The Terrorism Risk Insurance Act (TRIA) establishes a federal backstop, acting as a reinsurance program for private insurers. This framework requires insurers offering commercial property and casualty insurance to make terrorism coverage available. If an act of terrorism is certified, the federal government shares a portion of insured losses with the private sector.
A “certified act of terrorism” triggers the federal backstop. An event must be certified by the Secretary of the Treasury, in consultation with the Secretary of Homeland Security and the Attorney General. The act must be violent or dangerous to human life, property, or infrastructure, and result in damage within the United States or to U.S. interests abroad. It must also be committed by an individual or individuals to coerce the civilian population or influence U.S. government policy. The requirement that the act be committed on behalf of a foreign person or interest was removed in a 2015 reauthorization, encompassing domestic terrorism.

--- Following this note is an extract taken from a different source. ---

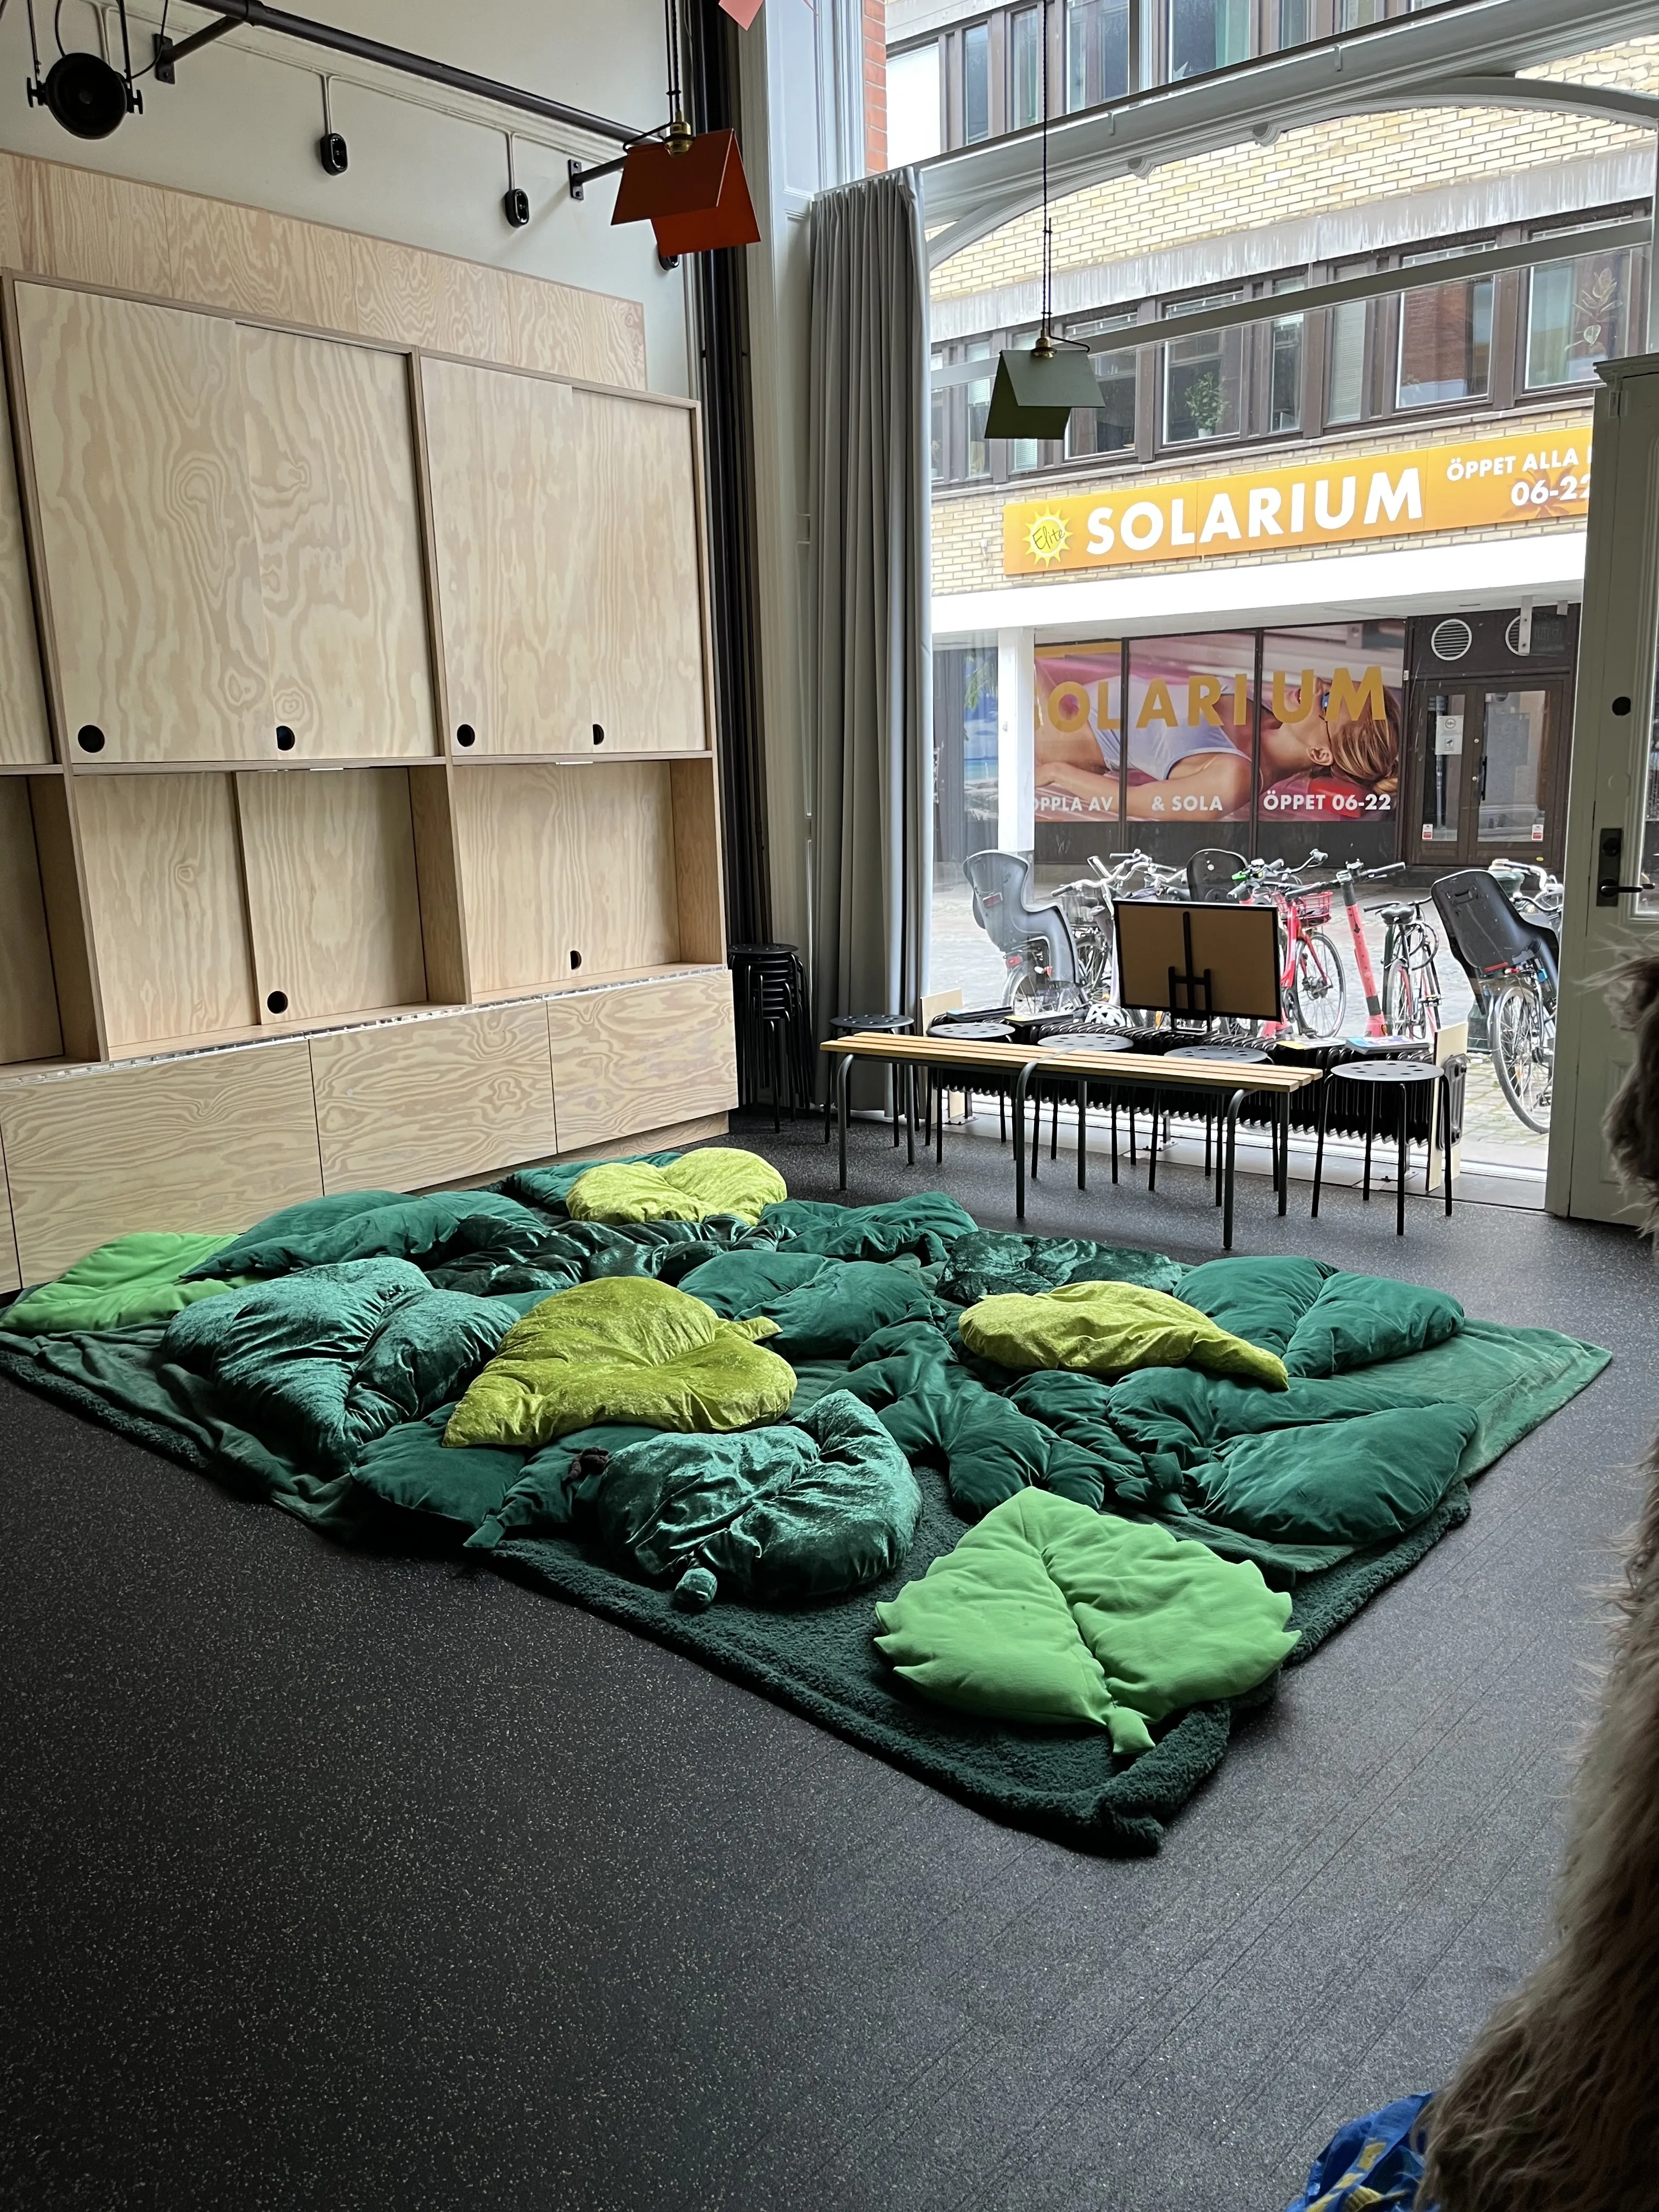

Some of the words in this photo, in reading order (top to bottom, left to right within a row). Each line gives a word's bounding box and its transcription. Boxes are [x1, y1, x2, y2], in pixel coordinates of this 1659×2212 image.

For an event to be certified, aggregate property and casualty insurance losses must exceed a program trigger, which is $200 million as of 2020. Once certified and the program trigger is met, a loss-sharing mechanism begins. Insurers are responsible for an individual deductible, 20% of their direct earned premiums for TRIA-eligible lines. After an insurer meets its deductible, the federal government reimburses 80% of covered losses above that threshold.
There is an overall program cap of $100 billion in aggregate insured losses for both insurers and the federal government in any calendar year. TRIA was initially temporary and has been reauthorized multiple times, with the current extension set to expire on December 31, 2027.
Under TRIA, insurers providing commercial property and casualty insurance must offer terrorism coverage to policyholders. This coverage is typically an endorsement or add-on to a standard commercial property policy, though standalone policies are available. Businesses receive a clear disclosure regarding its availability and cost. Policyholders can accept or reject this insurance, which entails an additional premium if accepted.
The decision to purchase terrorism coverage depends on a business’s specific risk profile, including its location, industry, and perceived exposure to threats. Businesses should consult an insurance broker or agent to assess their needs and determine the most appropriate coverage.